> ASSIGNMENT:
Each entry should be restated word for word, with all pictures left out.

(Phrase grounding data)
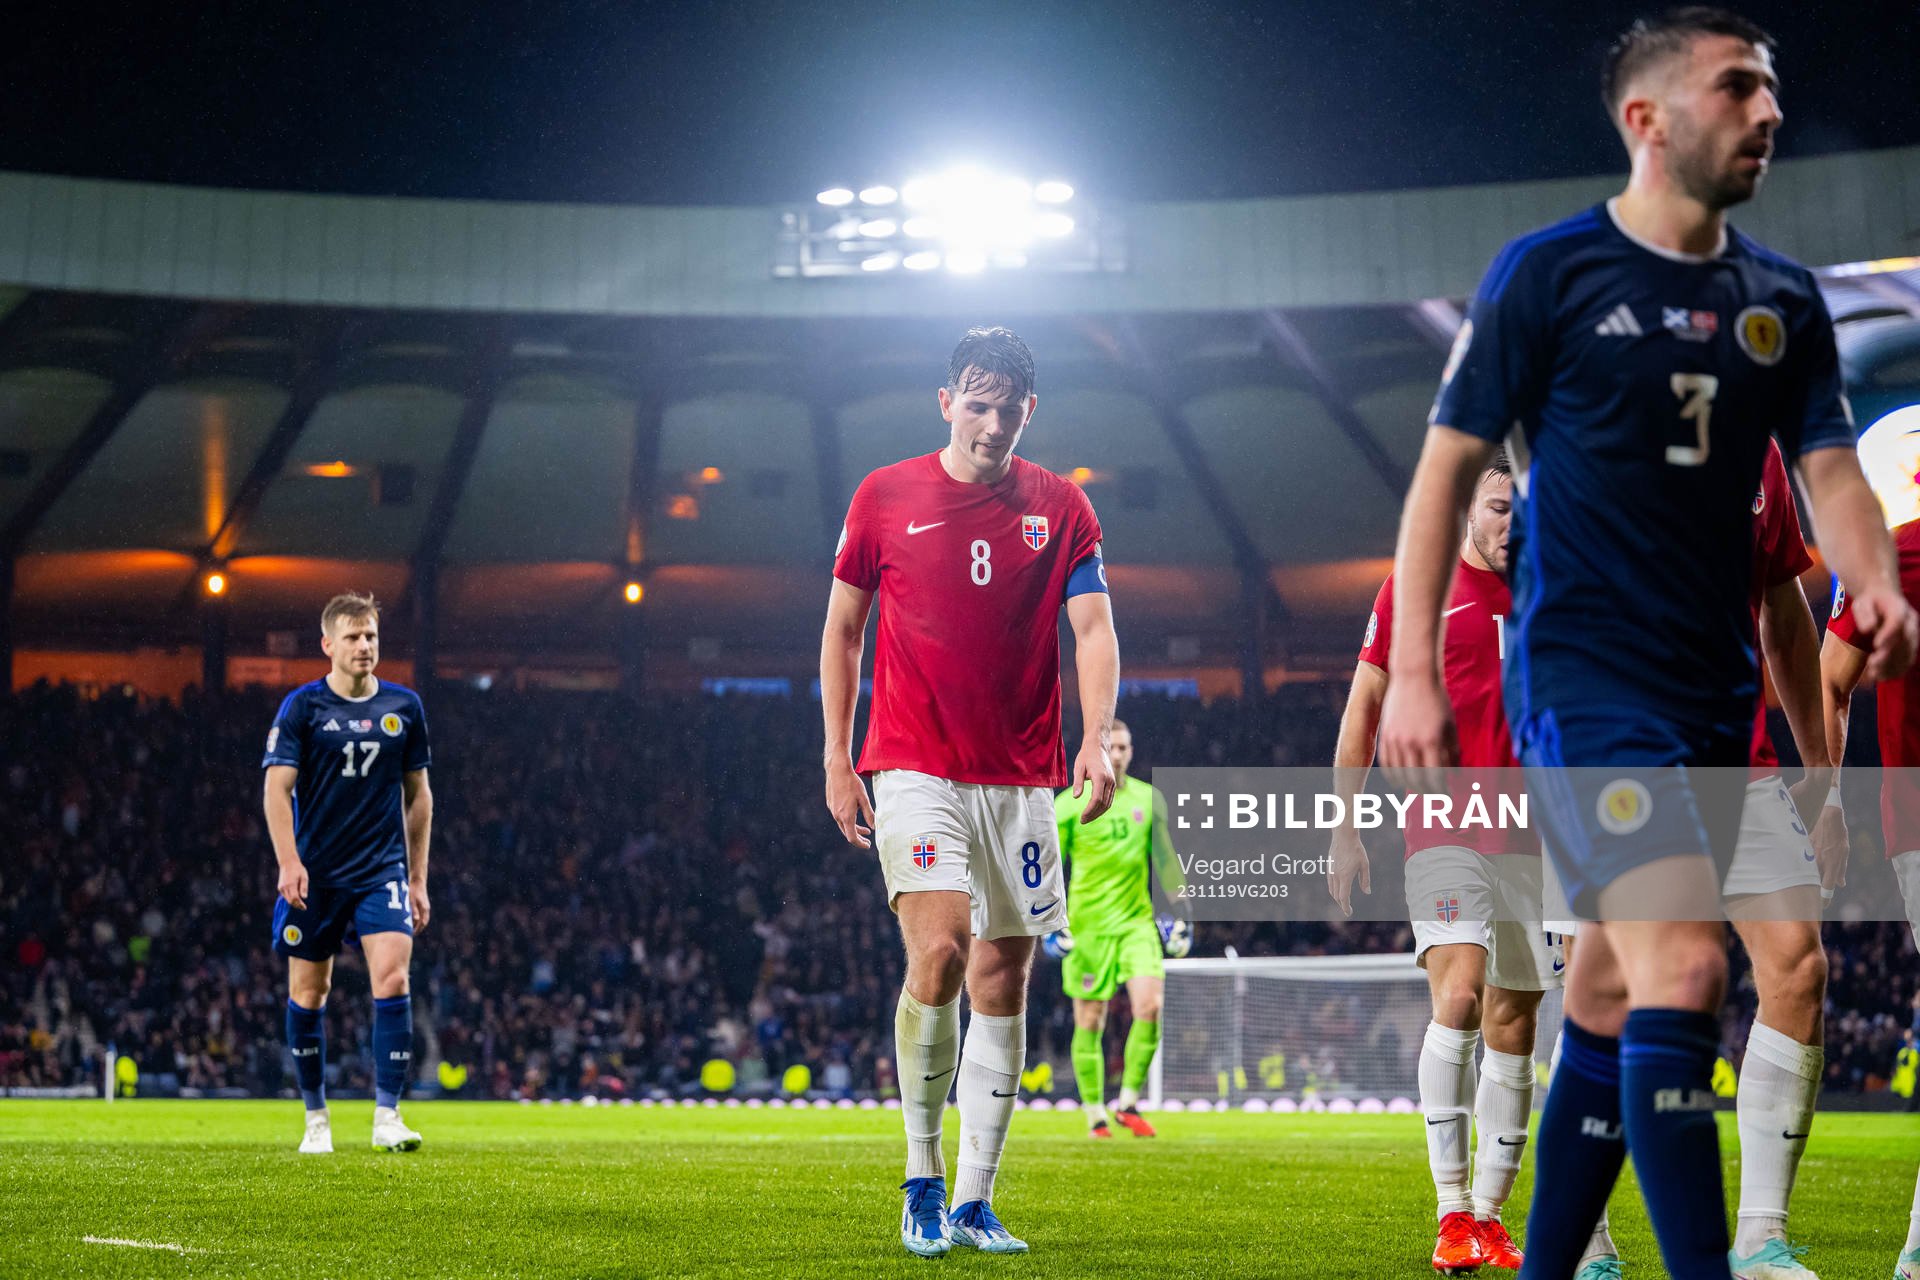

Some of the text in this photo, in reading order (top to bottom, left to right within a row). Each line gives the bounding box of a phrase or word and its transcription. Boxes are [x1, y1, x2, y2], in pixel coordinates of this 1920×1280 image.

[1665, 372, 1719, 467] 3
[970, 539, 992, 586] 8
[342, 741, 381, 777] 17
[1111, 817, 1129, 840] 13
[1021, 841, 1042, 888] 8
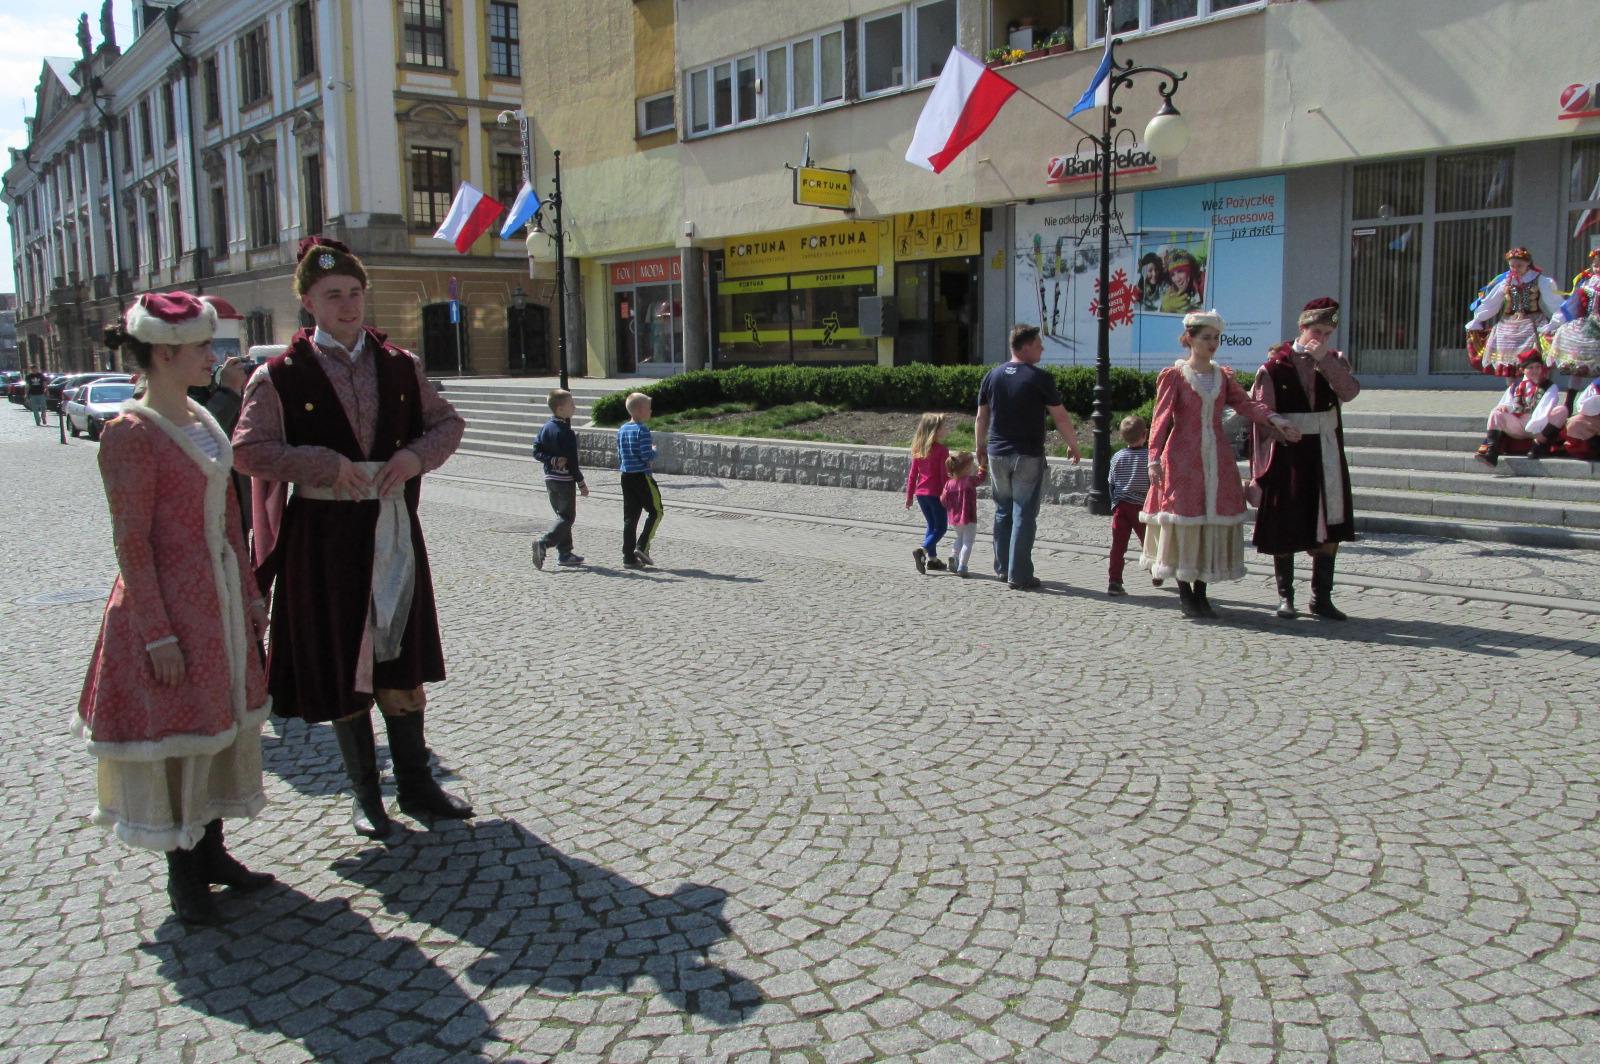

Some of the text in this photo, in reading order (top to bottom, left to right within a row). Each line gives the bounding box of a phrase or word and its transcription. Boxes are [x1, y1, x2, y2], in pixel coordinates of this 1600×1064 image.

> EXPECTED ANSWER:
Some of the text in this photo, in reading order (top to bottom, left to right within a row). Each line gives the bounding box of a phrase or word and its transcription. Boxes are [x1, y1, x2, y2], in pixel coordinates of this 1920×1280 image.

[1665, 372, 1719, 467] 3
[970, 539, 992, 586] 8
[342, 741, 381, 777] 17
[1111, 817, 1129, 840] 13
[1021, 841, 1042, 888] 8

Some of the text in this photo, in reading order (top to bottom, left to right within a row). Each line gives the bounding box of a phrase or word and its transcription. Boxes are [x1, y1, x2, y2], in pixel coordinates of this 1600×1064 image.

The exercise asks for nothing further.